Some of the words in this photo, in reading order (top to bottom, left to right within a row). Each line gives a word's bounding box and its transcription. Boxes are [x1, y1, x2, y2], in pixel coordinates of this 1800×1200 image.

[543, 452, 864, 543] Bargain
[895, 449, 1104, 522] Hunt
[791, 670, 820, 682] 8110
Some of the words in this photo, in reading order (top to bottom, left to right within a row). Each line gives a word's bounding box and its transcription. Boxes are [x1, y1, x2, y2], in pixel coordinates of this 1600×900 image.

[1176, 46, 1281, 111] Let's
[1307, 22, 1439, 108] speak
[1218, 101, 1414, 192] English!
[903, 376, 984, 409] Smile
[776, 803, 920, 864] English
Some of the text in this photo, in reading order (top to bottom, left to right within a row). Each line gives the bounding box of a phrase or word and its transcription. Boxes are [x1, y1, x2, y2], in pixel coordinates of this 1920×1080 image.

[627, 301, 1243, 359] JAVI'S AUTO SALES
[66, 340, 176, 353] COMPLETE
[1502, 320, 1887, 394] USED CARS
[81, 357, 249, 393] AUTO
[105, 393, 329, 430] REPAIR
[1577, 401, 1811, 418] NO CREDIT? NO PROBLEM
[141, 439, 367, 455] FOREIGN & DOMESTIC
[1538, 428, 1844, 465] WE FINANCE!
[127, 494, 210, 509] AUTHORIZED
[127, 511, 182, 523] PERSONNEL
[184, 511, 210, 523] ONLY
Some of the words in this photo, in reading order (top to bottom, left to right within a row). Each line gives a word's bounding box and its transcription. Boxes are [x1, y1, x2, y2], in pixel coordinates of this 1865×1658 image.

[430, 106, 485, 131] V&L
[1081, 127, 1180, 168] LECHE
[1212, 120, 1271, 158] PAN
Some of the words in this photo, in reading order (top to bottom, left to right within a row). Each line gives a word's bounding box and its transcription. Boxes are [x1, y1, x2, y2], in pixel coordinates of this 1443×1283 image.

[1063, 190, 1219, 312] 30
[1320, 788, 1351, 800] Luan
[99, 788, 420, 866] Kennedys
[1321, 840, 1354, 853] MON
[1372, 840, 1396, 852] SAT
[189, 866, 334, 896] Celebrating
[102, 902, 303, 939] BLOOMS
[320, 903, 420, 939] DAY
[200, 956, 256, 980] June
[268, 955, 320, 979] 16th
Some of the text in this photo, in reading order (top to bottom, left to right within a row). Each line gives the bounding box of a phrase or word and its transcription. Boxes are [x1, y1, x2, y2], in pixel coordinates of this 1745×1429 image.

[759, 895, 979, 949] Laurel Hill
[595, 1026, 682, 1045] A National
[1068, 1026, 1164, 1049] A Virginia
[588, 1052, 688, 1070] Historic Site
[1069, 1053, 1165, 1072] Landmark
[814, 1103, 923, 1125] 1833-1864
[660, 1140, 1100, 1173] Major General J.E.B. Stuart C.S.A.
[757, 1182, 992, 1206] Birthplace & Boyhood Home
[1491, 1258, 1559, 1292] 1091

====================

**Task objective:** Reply with the lines from the one that contains "this 1745×1429 image." through the last line of the material above, copied exactly and nothing else.

**Result of this exercise:**
Some of the text in this photo, in reading order (top to bottom, left to right within a row). Each line gives the bounding box of a phrase or word and its transcription. Boxes are [x1, y1, x2, y2], in pixel coordinates of this 1745×1429 image.

[759, 895, 979, 949] Laurel Hill
[595, 1026, 682, 1045] A National
[1068, 1026, 1164, 1049] A Virginia
[588, 1052, 688, 1070] Historic Site
[1069, 1053, 1165, 1072] Landmark
[814, 1103, 923, 1125] 1833-1864
[660, 1140, 1100, 1173] Major General J.E.B. Stuart C.S.A.
[757, 1182, 992, 1206] Birthplace & Boyhood Home
[1491, 1258, 1559, 1292] 1091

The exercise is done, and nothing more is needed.